MATERIAL FOR THIS TASK:
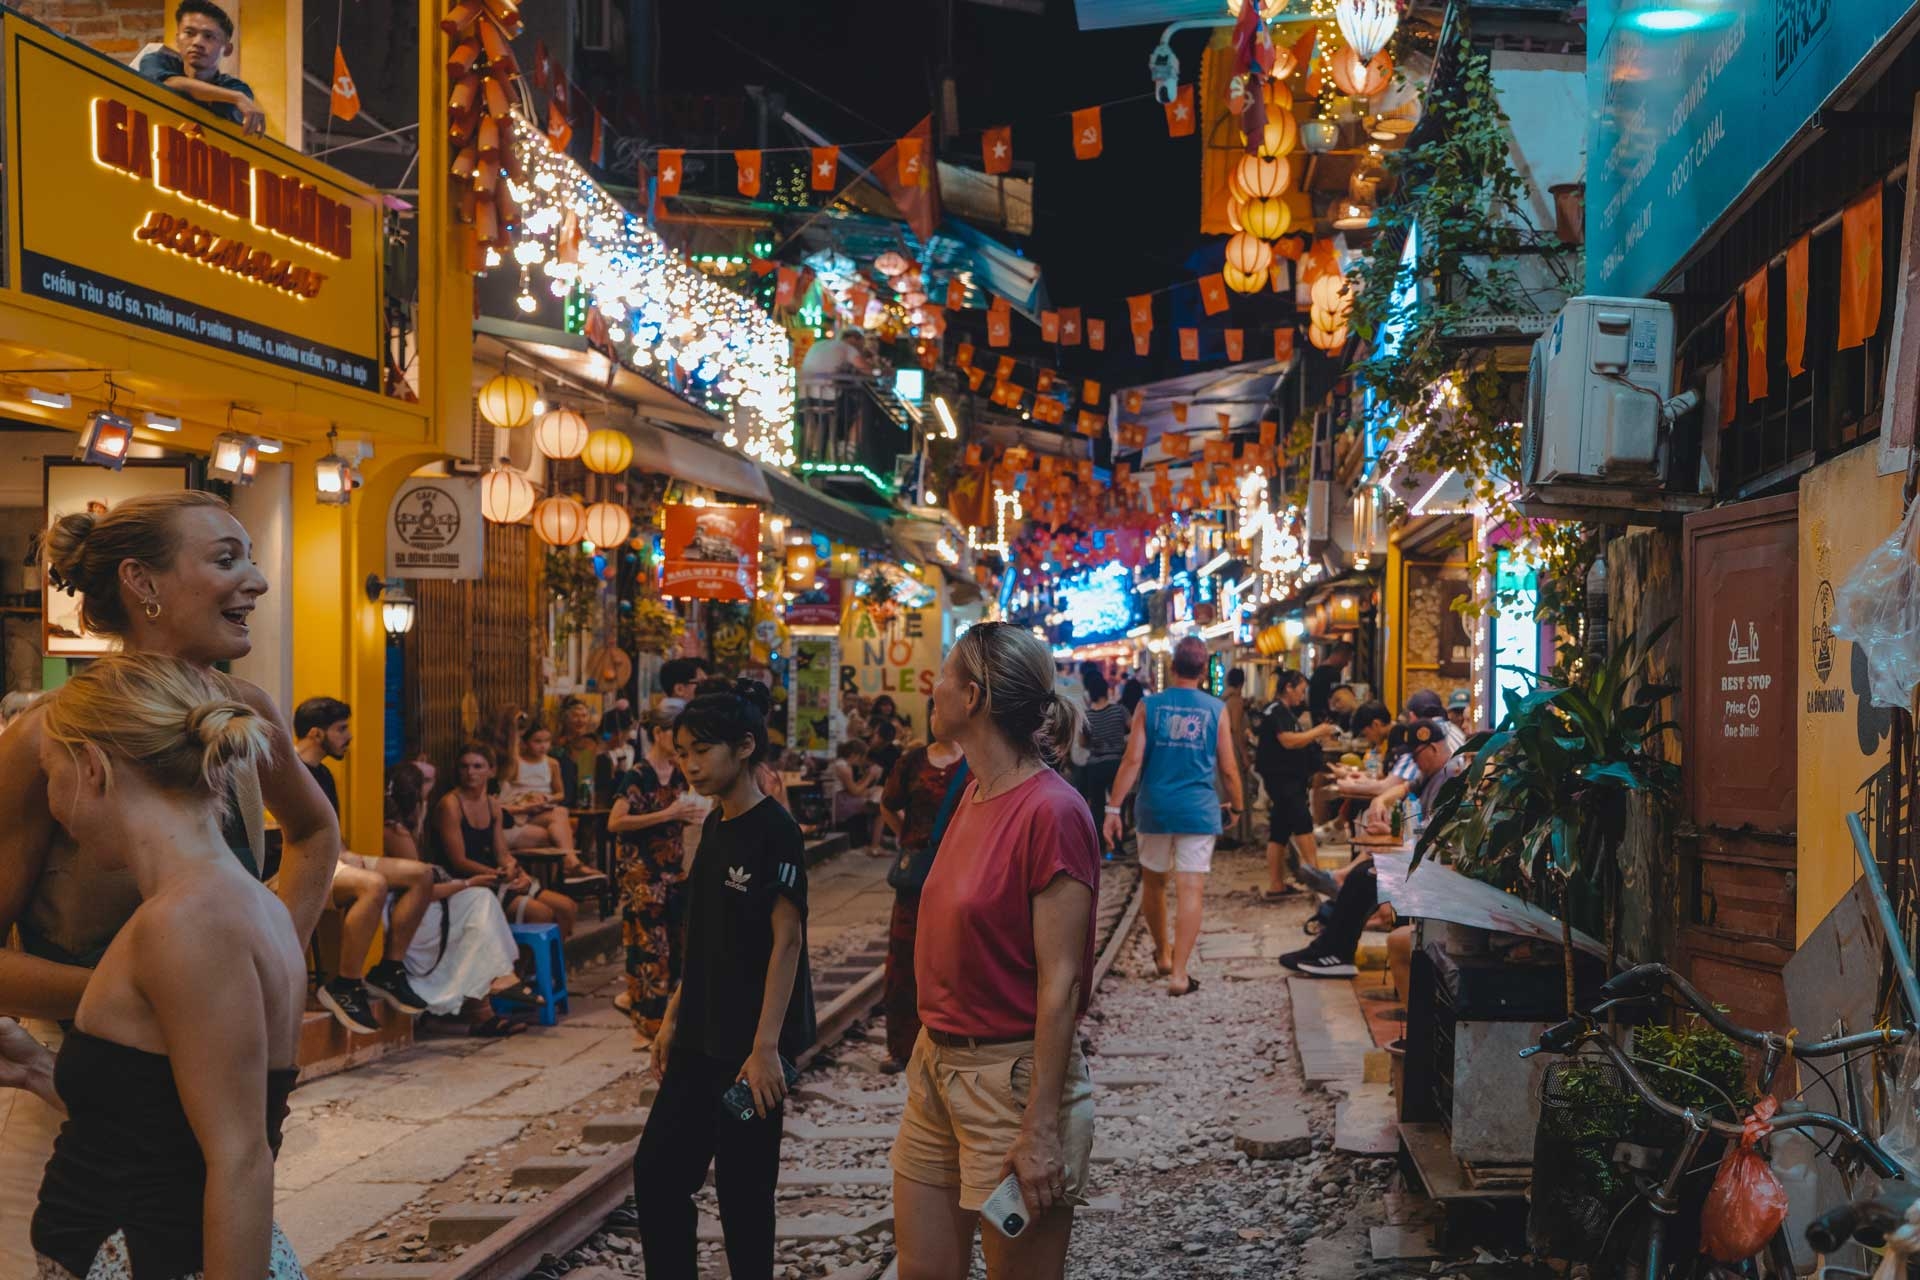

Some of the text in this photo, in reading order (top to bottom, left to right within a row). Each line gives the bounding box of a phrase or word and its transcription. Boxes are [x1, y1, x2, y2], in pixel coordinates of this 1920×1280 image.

[1672, 68, 1708, 138] CROWNS
[90, 97, 152, 180] GA
[1671, 110, 1726, 199] ROOT CANAL
[42, 270, 76, 297] CHẮN
[79, 280, 104, 304] TÀU
[107, 290, 126, 310] SỐ
[125, 298, 143, 318] 5A,
[175, 311, 200, 335] PHÚ,
[863, 638, 912, 667] NO
[838, 664, 935, 696] RULES
[1721, 674, 1772, 692] REST STOP
[1725, 701, 1747, 719] Price:
[1724, 723, 1760, 739] One Smile
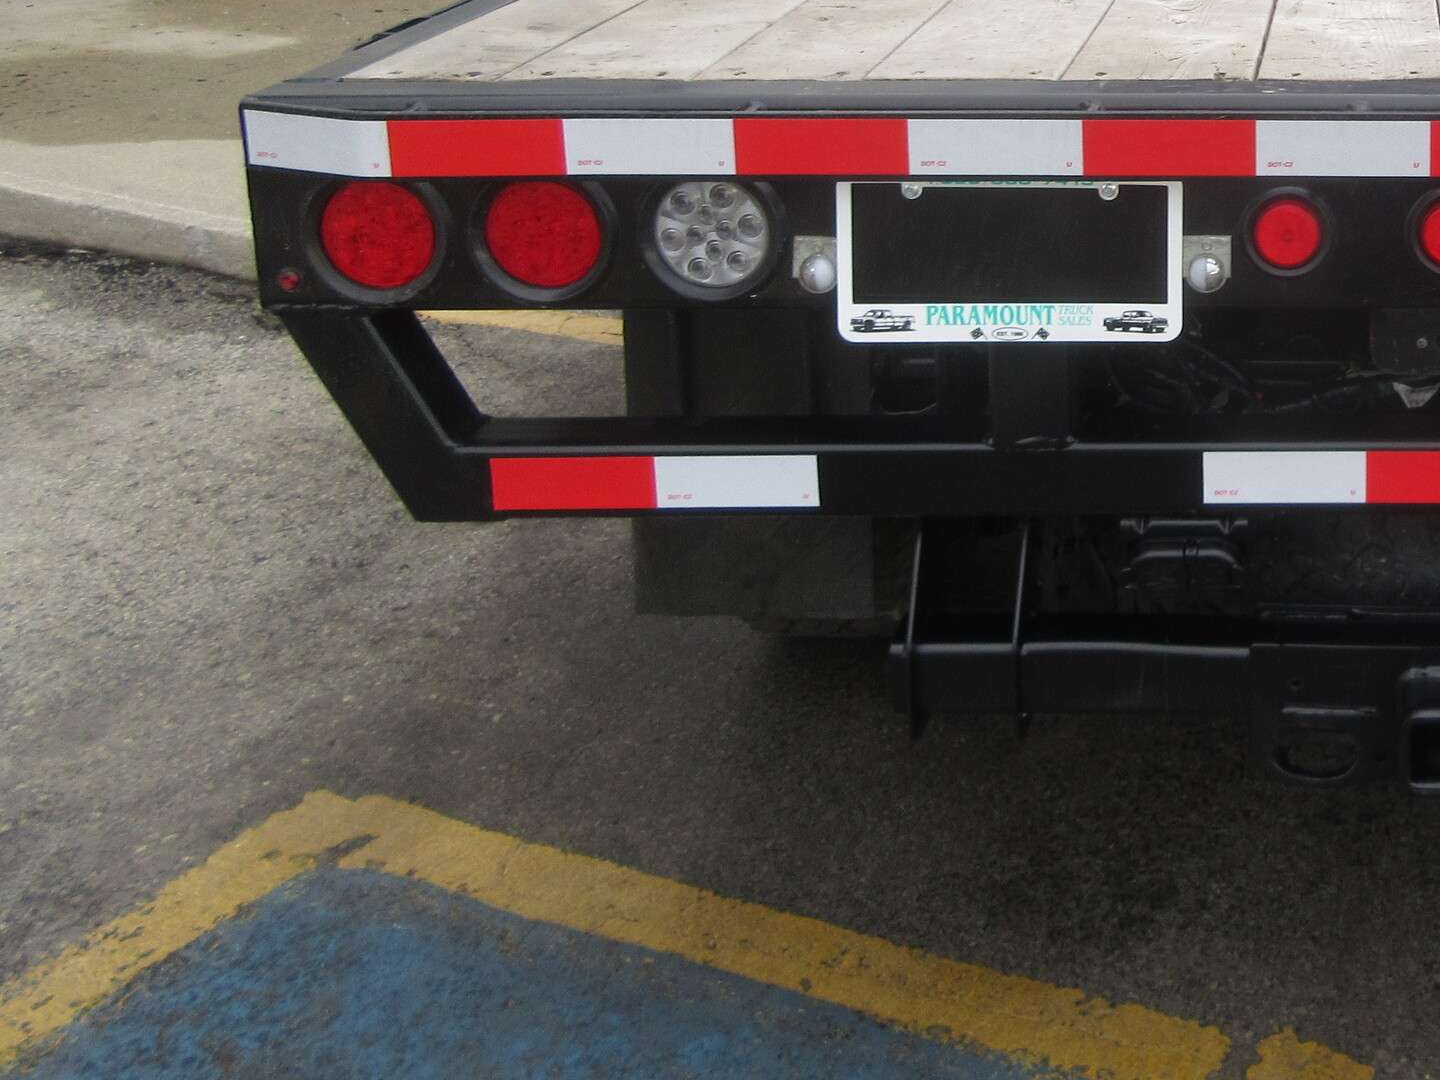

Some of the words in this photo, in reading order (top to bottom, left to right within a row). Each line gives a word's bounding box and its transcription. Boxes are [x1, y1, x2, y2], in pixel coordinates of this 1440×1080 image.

[1058, 304, 1094, 315] TRUCK
[926, 305, 1056, 326] PARAMOUNT
[1058, 315, 1092, 326] SALES

DESCRIPTION OF THE TASK:
Starting at the line with "Some of the words", print each remaining line of the listing above exactly as it appears.

ANSWER SPACE:
Some of the words in this photo, in reading order (top to bottom, left to right within a row). Each line gives a word's bounding box and its transcription. Boxes are [x1, y1, x2, y2], in pixel coordinates of this 1440×1080 image.

[1058, 304, 1094, 315] TRUCK
[926, 305, 1056, 326] PARAMOUNT
[1058, 315, 1092, 326] SALES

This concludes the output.